AIM OF THE EXERCISE.
Everything in the entries except the pictures should be copied exactly.

LISTED ENTRIES.
————

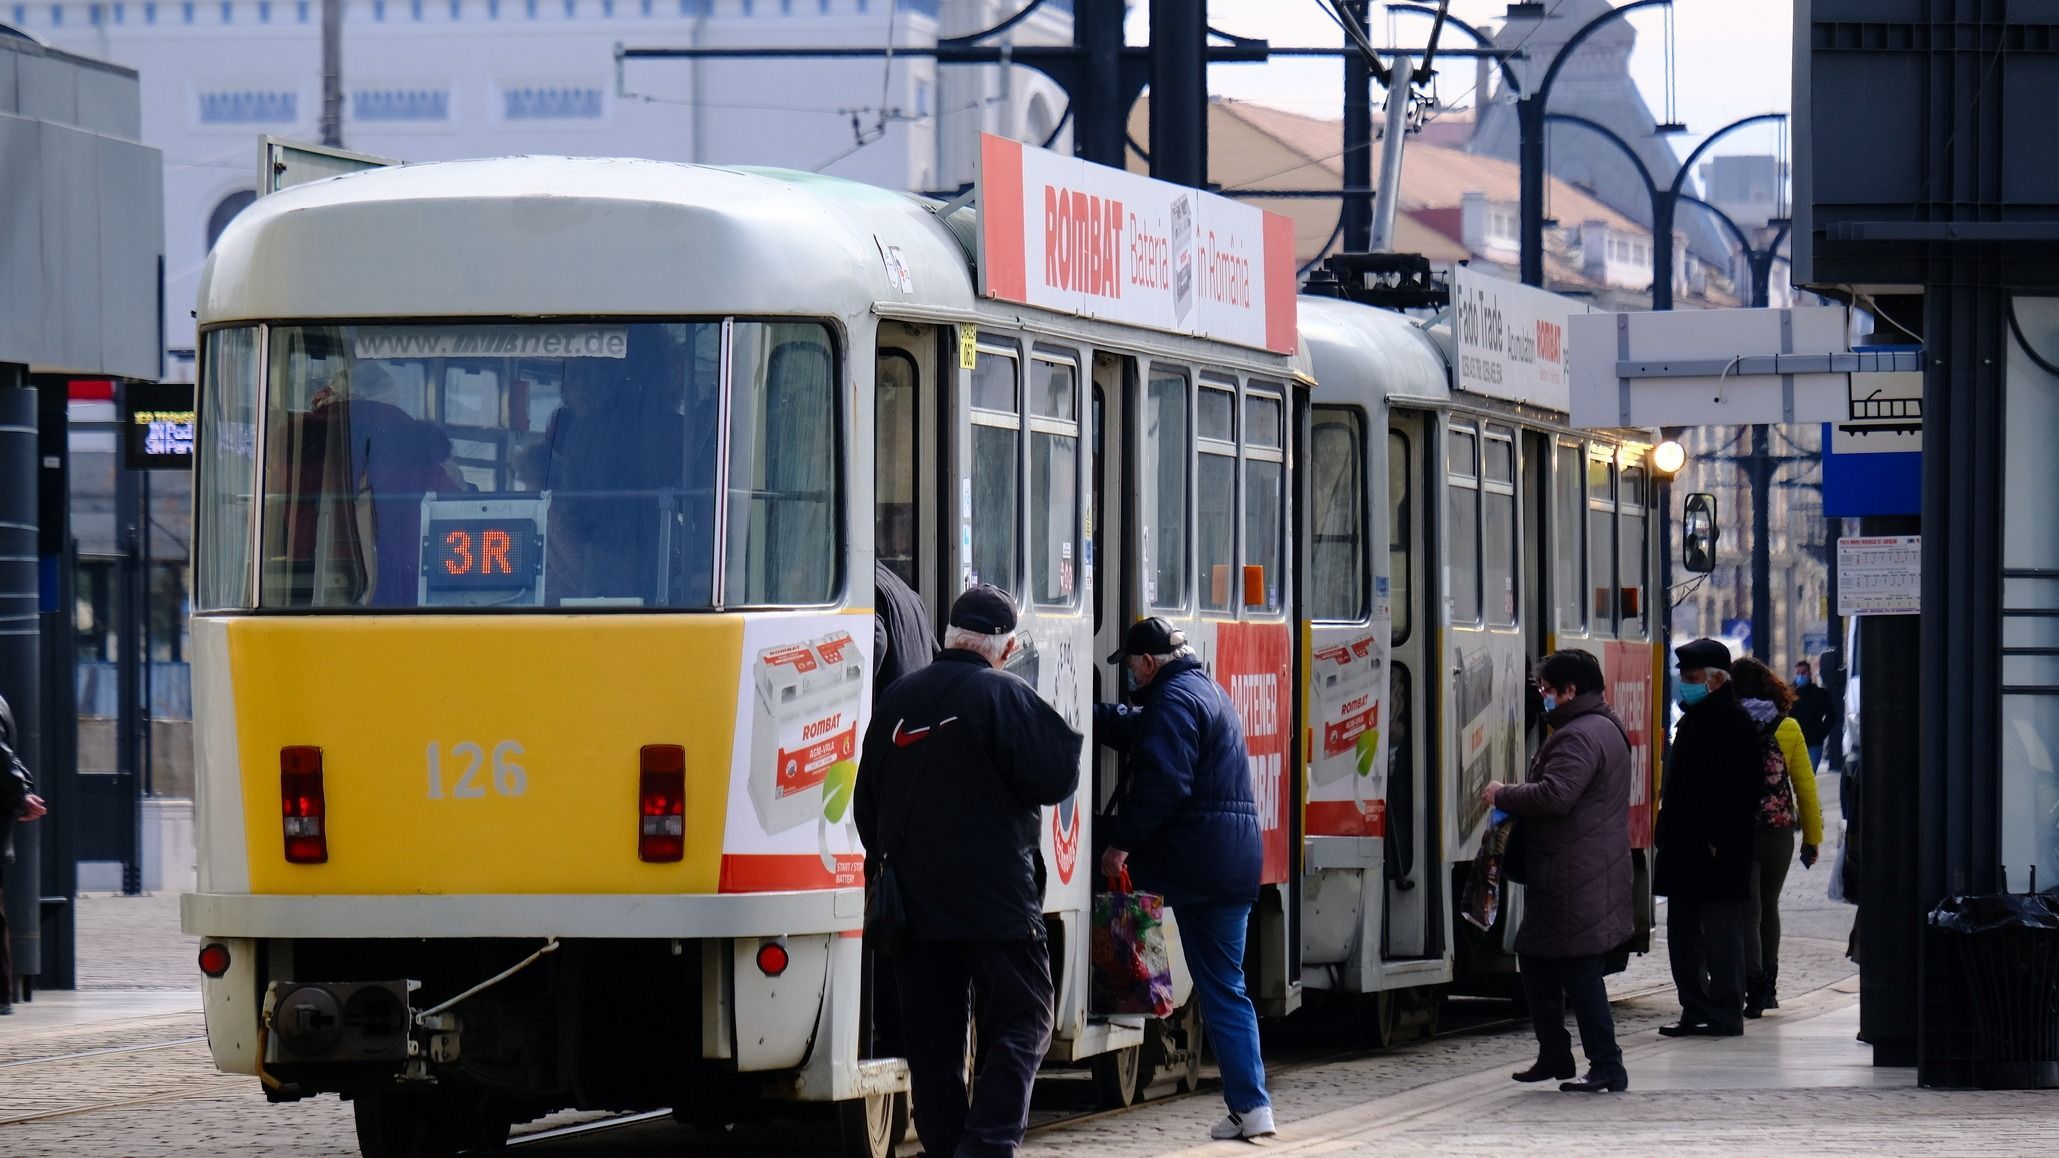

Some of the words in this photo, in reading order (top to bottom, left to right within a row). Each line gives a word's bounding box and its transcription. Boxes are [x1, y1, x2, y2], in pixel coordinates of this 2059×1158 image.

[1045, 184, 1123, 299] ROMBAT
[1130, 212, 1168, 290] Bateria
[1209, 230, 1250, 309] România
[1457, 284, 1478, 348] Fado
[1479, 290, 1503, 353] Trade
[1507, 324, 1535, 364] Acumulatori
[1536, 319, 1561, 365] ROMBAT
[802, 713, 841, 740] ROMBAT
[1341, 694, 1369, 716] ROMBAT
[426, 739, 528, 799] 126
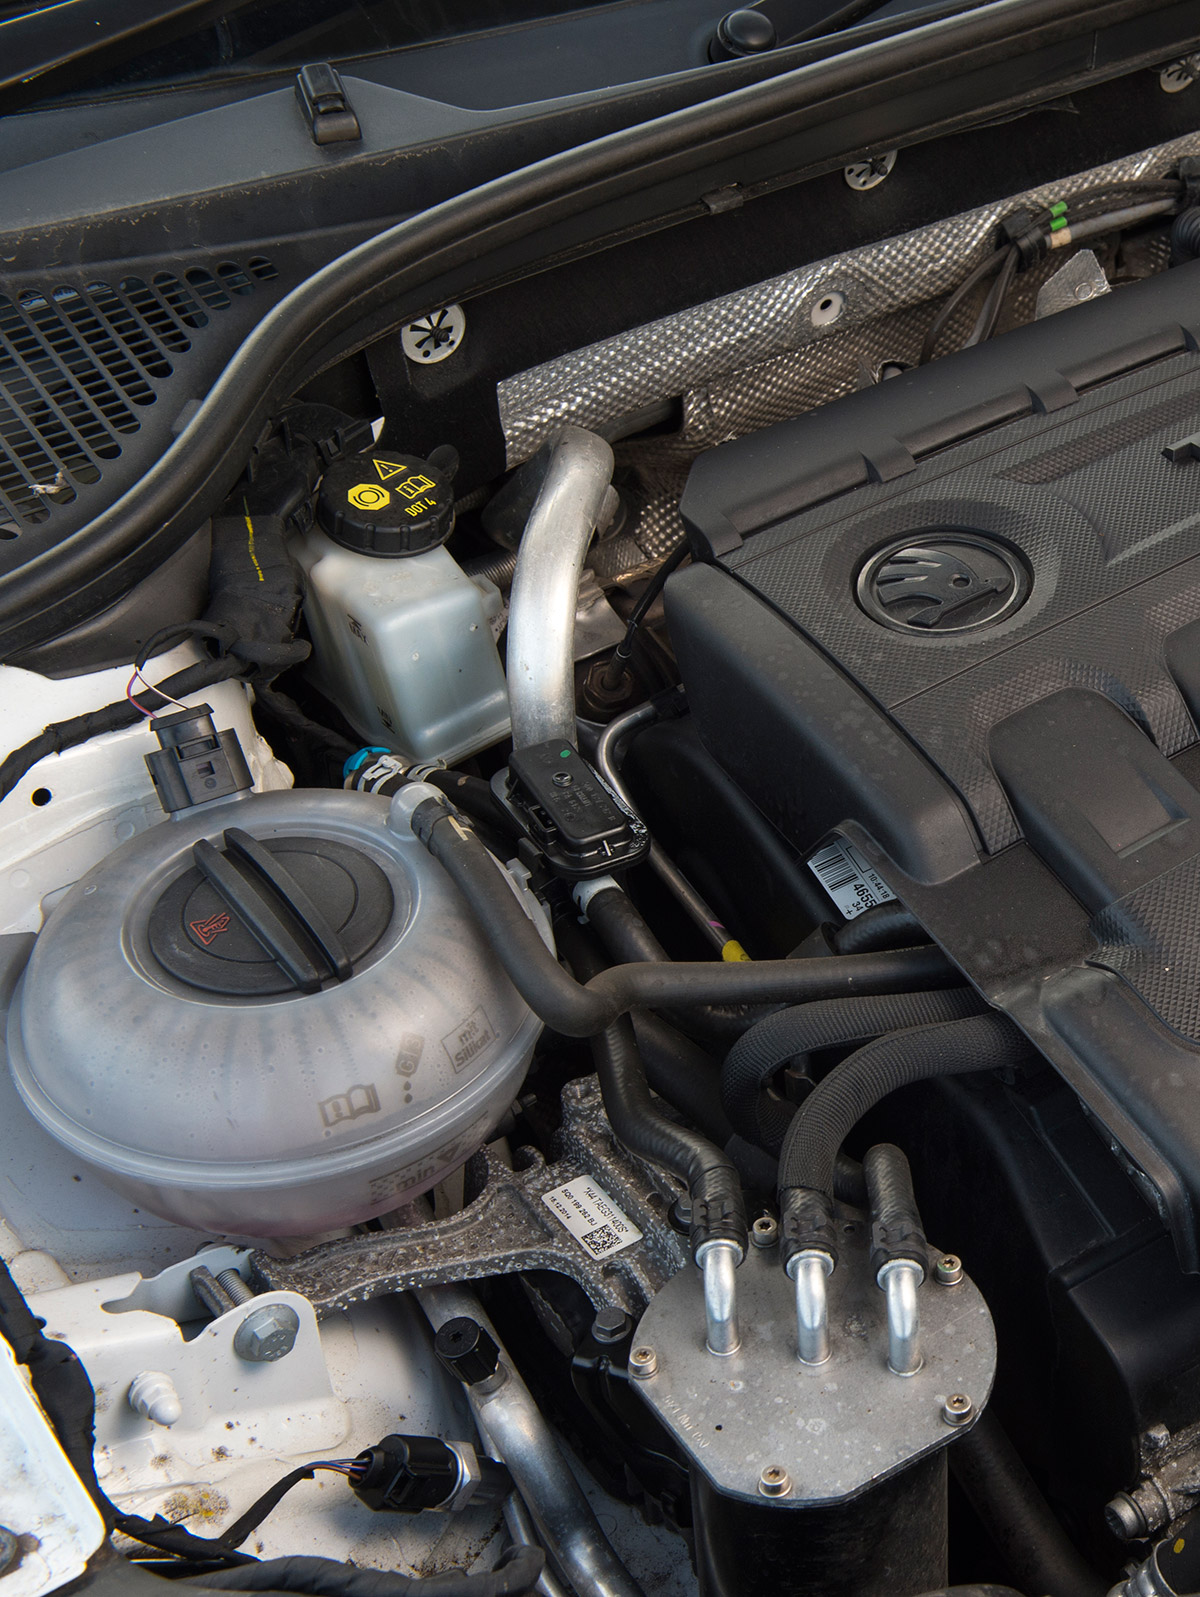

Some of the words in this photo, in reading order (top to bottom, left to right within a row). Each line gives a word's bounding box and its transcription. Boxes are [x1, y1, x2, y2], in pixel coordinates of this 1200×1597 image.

————

EXERCISE RESULT.
Some of the words in this photo, in reading order (top to bottom, left to right within a row). Each line gives a word's bounding box and its transcription. Boxes are [x1, y1, x2, y2], in pixel coordinates of this 2059×1158 image.

[1045, 184, 1123, 299] ROMBAT
[1130, 212, 1168, 290] Bateria
[1209, 230, 1250, 309] România
[1457, 284, 1478, 348] Fado
[1479, 290, 1503, 353] Trade
[1507, 324, 1535, 364] Acumulatori
[1536, 319, 1561, 365] ROMBAT
[802, 713, 841, 740] ROMBAT
[1341, 694, 1369, 716] ROMBAT
[426, 739, 528, 799] 126

Some of the words in this photo, in reading order (top to bottom, left to right within a row). Each line gives a word's bounding box and its transcription. Boxes are [x1, y1, x2, y2], in pixel coordinates of this 1200×1597 image.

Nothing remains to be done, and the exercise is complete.